Helena and her family were the subjects of numerous portraits by several of close friends and artists, including Augustus Saint-Gaudens, Cecilia Beaux, and Winslow Homer.

== Relationship with Winslow Homer and Mary Hallock Foote ==
Helena de Kay Gilder is often known as a muse and romantic interest of Winslow Homer. It is thought that Gilder and Winslow may have met through her brother Charles, who had been connected to Winslow since 1867. He had stayed in studio in the University Building in New York City while Winslow was in France at the time. Gilder and Winslow spent a considerable amount of time together, and it is the correspondence through letters that have given indication that Winslow made multiple attempts to romantically pursue her. Though Homer is known to have painted several women in upscale resorts across the Northeast, Gilder is known to be one of the few that is nameable. Gilder is known to be the female subject in many of his works like The Butterfly (1872), as well as speculated to be the subject of other unconfirmed works by Homer.

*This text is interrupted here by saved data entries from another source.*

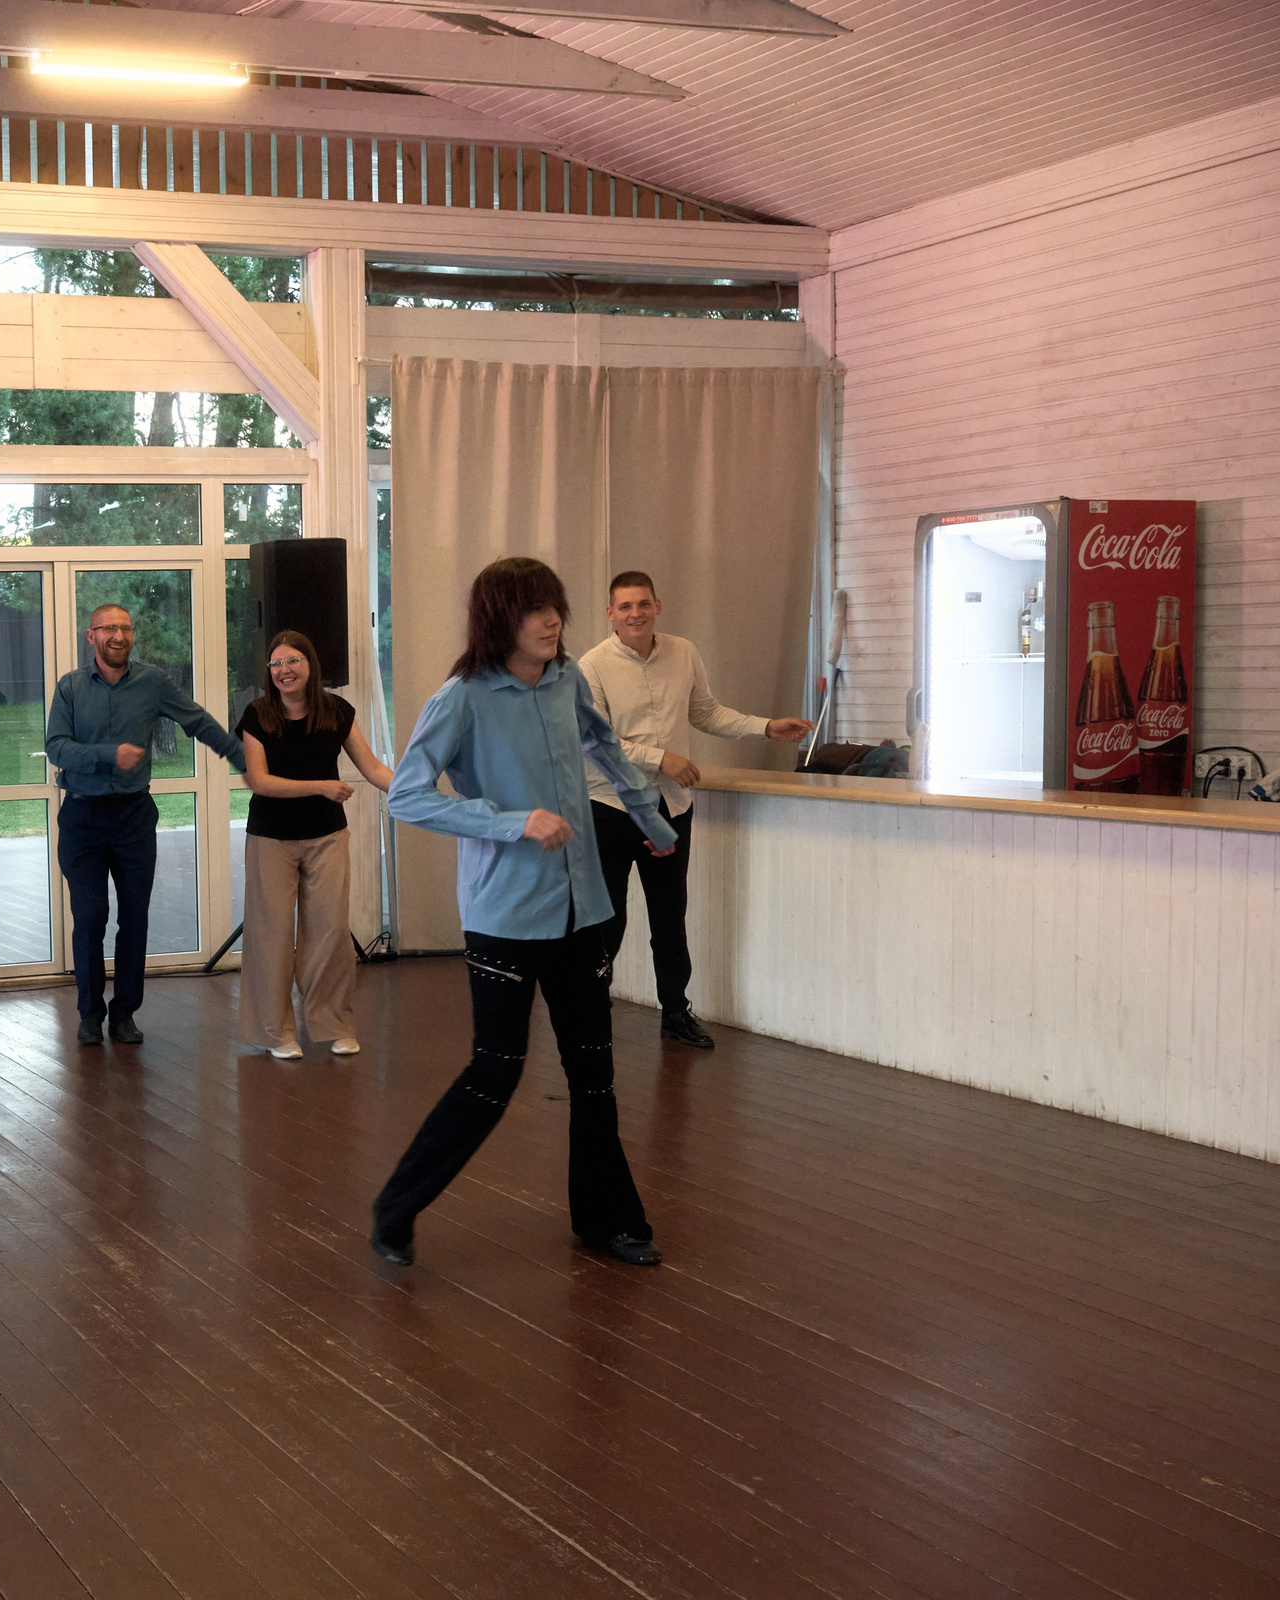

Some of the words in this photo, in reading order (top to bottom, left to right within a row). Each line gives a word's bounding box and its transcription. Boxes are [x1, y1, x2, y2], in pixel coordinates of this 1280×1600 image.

[1078, 523, 1188, 570] Coca-Cola
[1136, 703, 1187, 729] Coca-Cola
[1076, 722, 1134, 756] Coca-Cola
[1149, 729, 1169, 737] zero
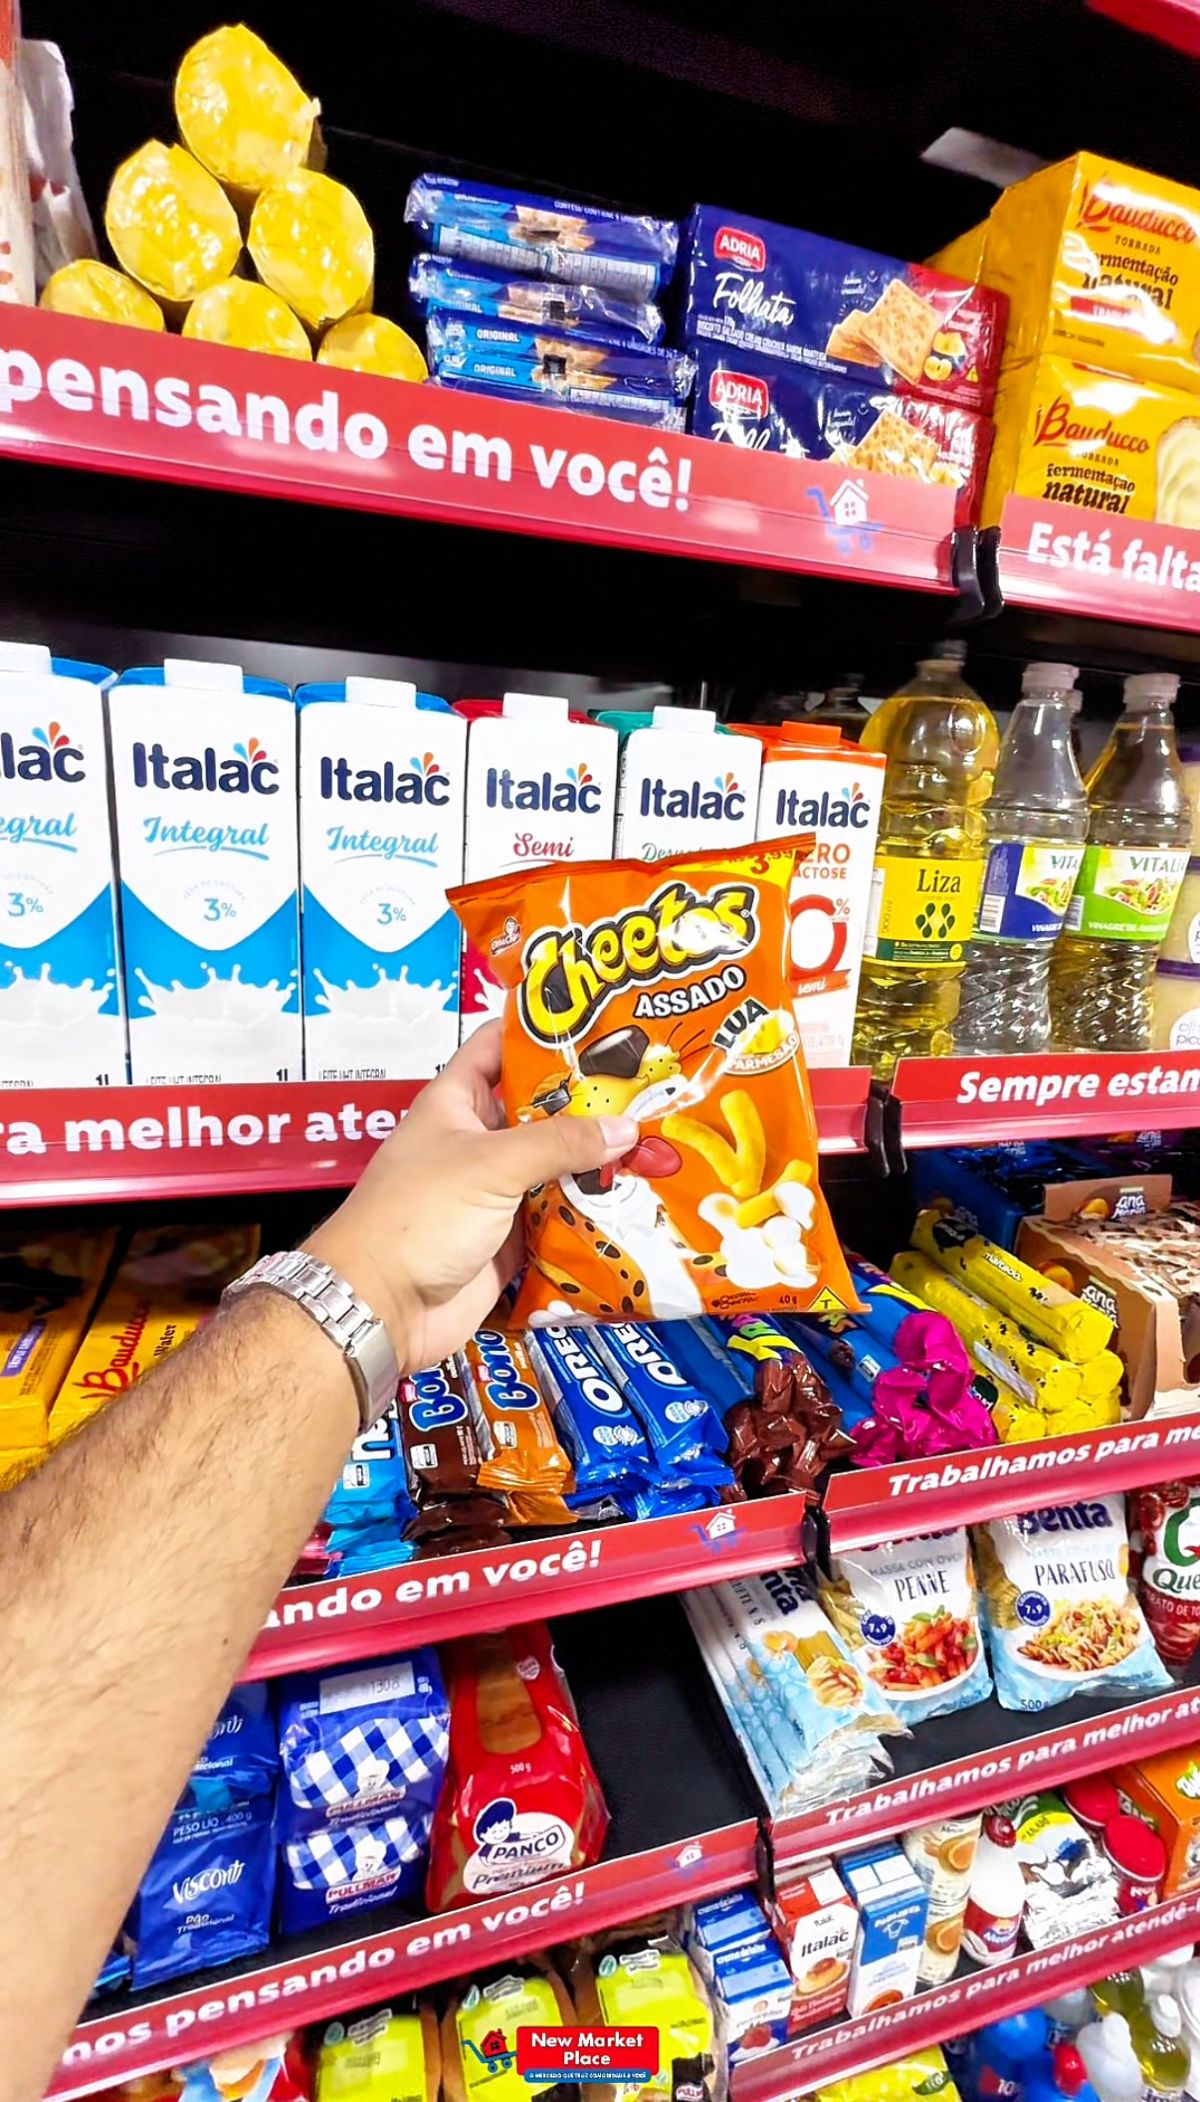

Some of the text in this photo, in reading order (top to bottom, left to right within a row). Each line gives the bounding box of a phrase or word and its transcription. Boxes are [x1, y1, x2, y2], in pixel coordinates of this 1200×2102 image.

[719, 235, 761, 261] ADRIA
[1094, 253, 1179, 286] ermentação
[713, 272, 797, 327] Folhata
[476, 328, 520, 343] ORIGINAL
[473, 364, 517, 377] ORIGINAL
[714, 378, 762, 405] ADRIA
[0, 349, 692, 512] pensando em você!
[1033, 396, 1149, 454] Bauducco
[1042, 480, 1131, 514] natural
[1027, 522, 1111, 577] Está
[0, 731, 86, 784] lac
[133, 740, 280, 796] Italac
[320, 755, 450, 806] Italac
[486, 768, 601, 815] Italac
[640, 778, 746, 821] Italac
[776, 789, 870, 829] Italac
[142, 815, 270, 854] Integral
[326, 825, 439, 862] Integral
[513, 832, 575, 858] Semi
[796, 867, 847, 879] ACTOSE
[916, 868, 961, 893] Liza
[7, 892, 45, 918] 3%
[203, 897, 237, 922] 3%
[376, 902, 408, 926] 3%
[524, 885, 755, 1037] Cheetos
[633, 964, 746, 1020] ASSADO
[714, 998, 769, 1049] LUA
[957, 1071, 1101, 1107] Sempre
[65, 1105, 291, 1152] melhor
[304, 1103, 409, 1143] ate
[1116, 1195, 1146, 1209] ana
[779, 1295, 791, 1305] 40
[820, 1299, 832, 1310] T
[1082, 1284, 1117, 1313] ana
[474, 1330, 541, 1411] Bono
[611, 1323, 689, 1386] ORE
[888, 1441, 1089, 1498] Trabalhamos
[1095, 1429, 1161, 1462] para
[396, 1565, 469, 1604] em
[483, 1540, 601, 1588] você!
[868, 1561, 907, 1577] MASSA
[1034, 1558, 1115, 1587] PARAFUSO
[895, 1570, 951, 1602] PENNE
[1176, 1604, 1189, 1616] DE
[1020, 1698, 1042, 1711] 500
[509, 1762, 525, 1774] 500
[826, 1754, 1011, 1828] Trabalhamos
[1015, 1736, 1077, 1773] para
[1082, 1707, 1173, 1747] melhor
[328, 1790, 402, 1818] PULLMAN
[173, 1819, 201, 1838] PESO
[492, 1831, 560, 1860] PANCO
[172, 1858, 247, 1905] Visconti
[327, 1872, 397, 1901] PULLMAN
[472, 1861, 566, 1890] Premium
[165, 1946, 395, 2038] pensando
[406, 1925, 471, 1961] em
[481, 1881, 587, 1935] você!
[800, 1930, 850, 1958] Italac
[791, 1985, 961, 2061] Trabalhamos
[965, 1965, 1021, 2001] para
[1026, 1932, 1109, 1974] melhor
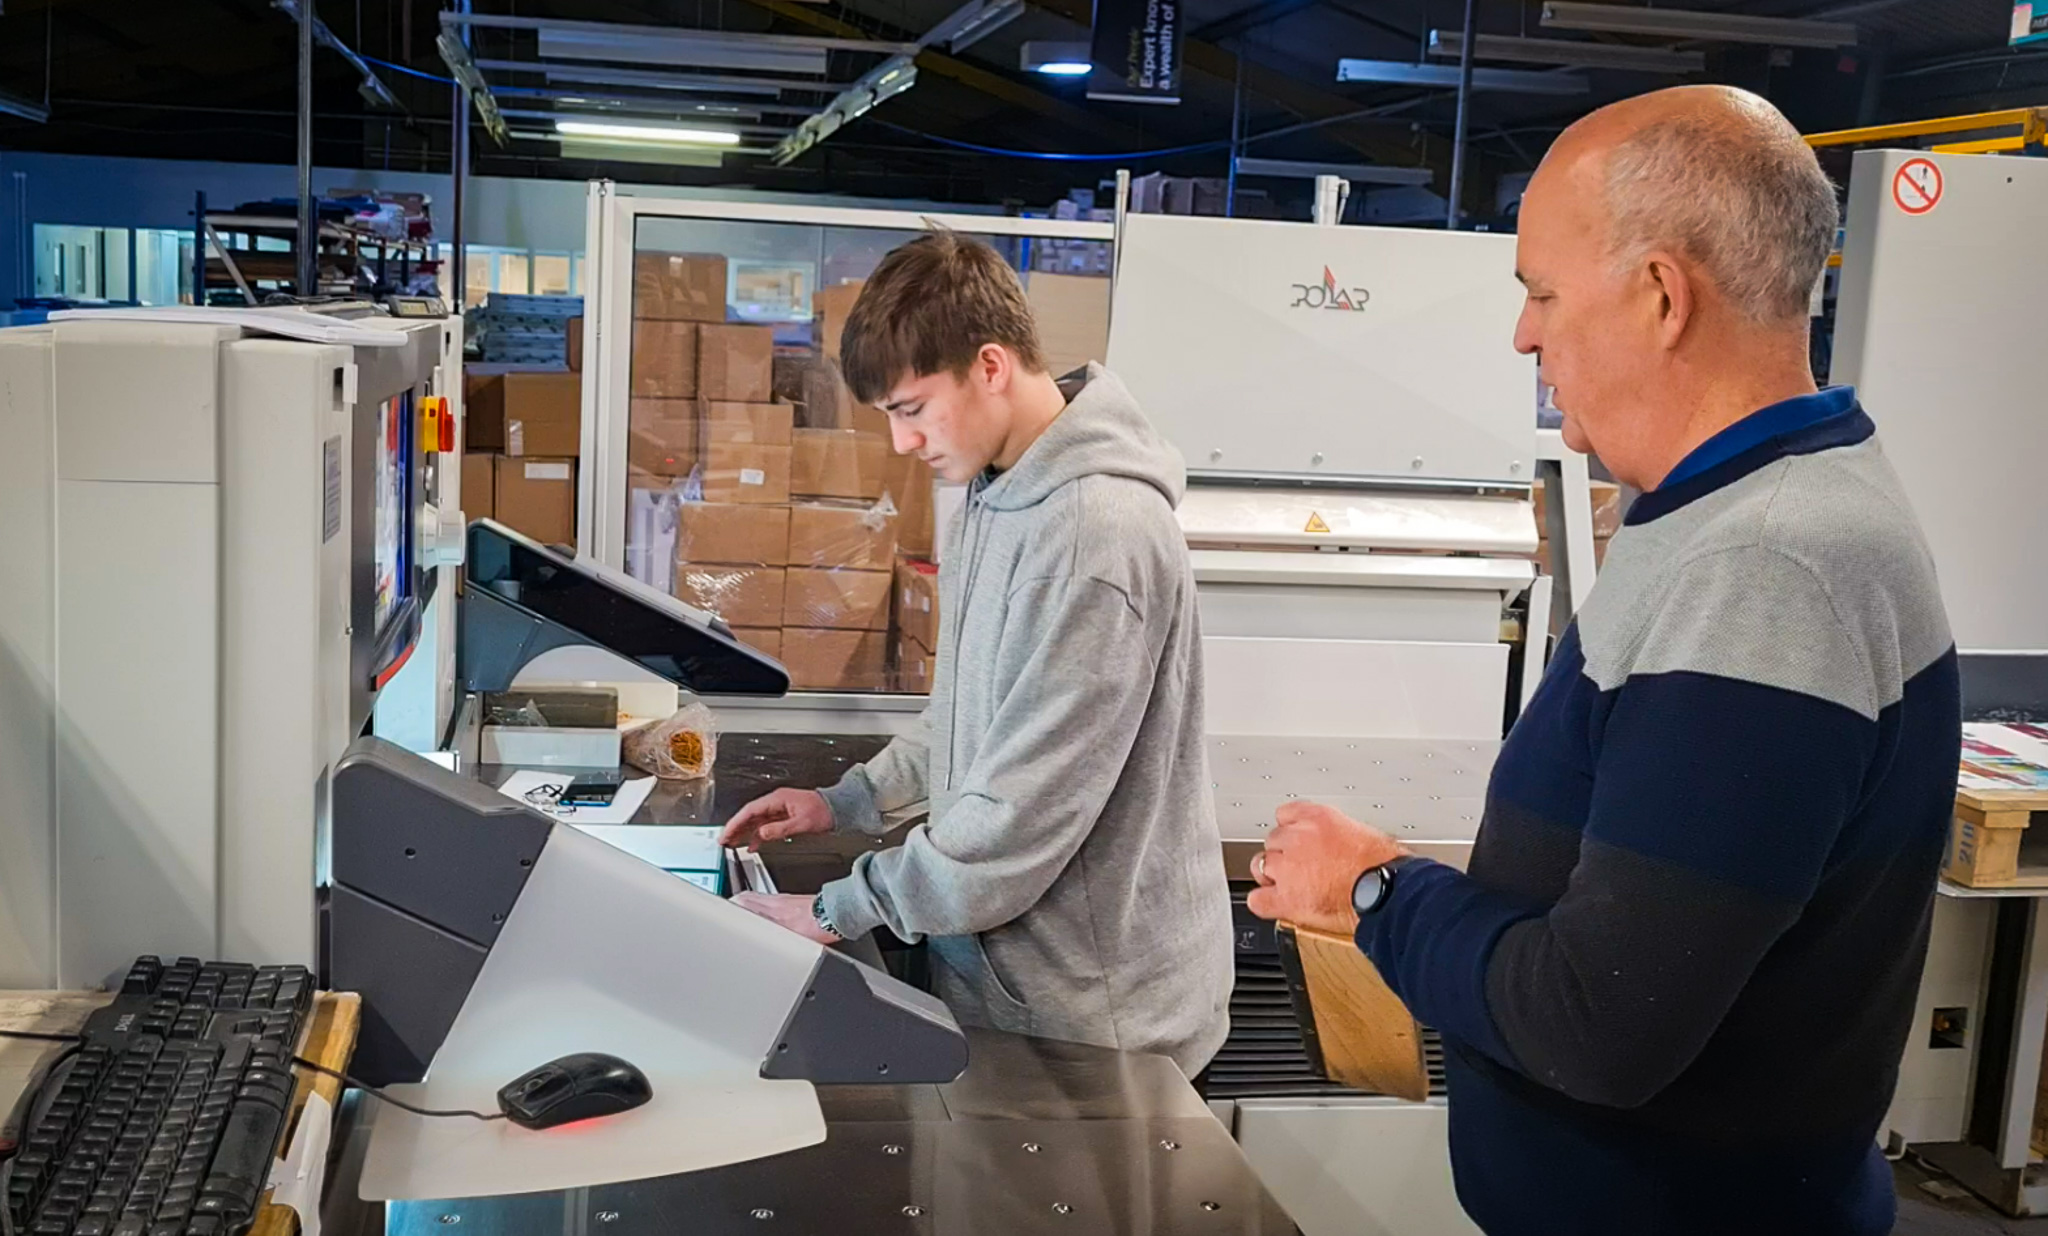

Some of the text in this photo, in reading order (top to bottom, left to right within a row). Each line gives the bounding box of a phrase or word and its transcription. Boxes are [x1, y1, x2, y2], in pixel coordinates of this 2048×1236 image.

One of Gilder's best known friendships was with illustrator Mary Hallock Foote. Though from very different social circles, and socioeconomic backgrounds, the two became close friends while they were students, and shared a lengthy correspondence throughout their lives. Gilder and Foote had large impacts on each other's careers as they both provided each other with critiques and feedback on their work, and Gilder's husband offered Foote several artistic commissions for his magazine. It was also through the Gilders that Foote was introduced to several other female artists and publishers at the time.

== Women's Right to Vote ==
Gilder believed that women were "men’s equal, and almost as well educated, as good and as intelligent in ordinary matters,” but opposed granting them the right to vote.

== Death ==
Helena de Kay Gilder died on 28 May 1916 at her home in New York City after an operation for appendicitis.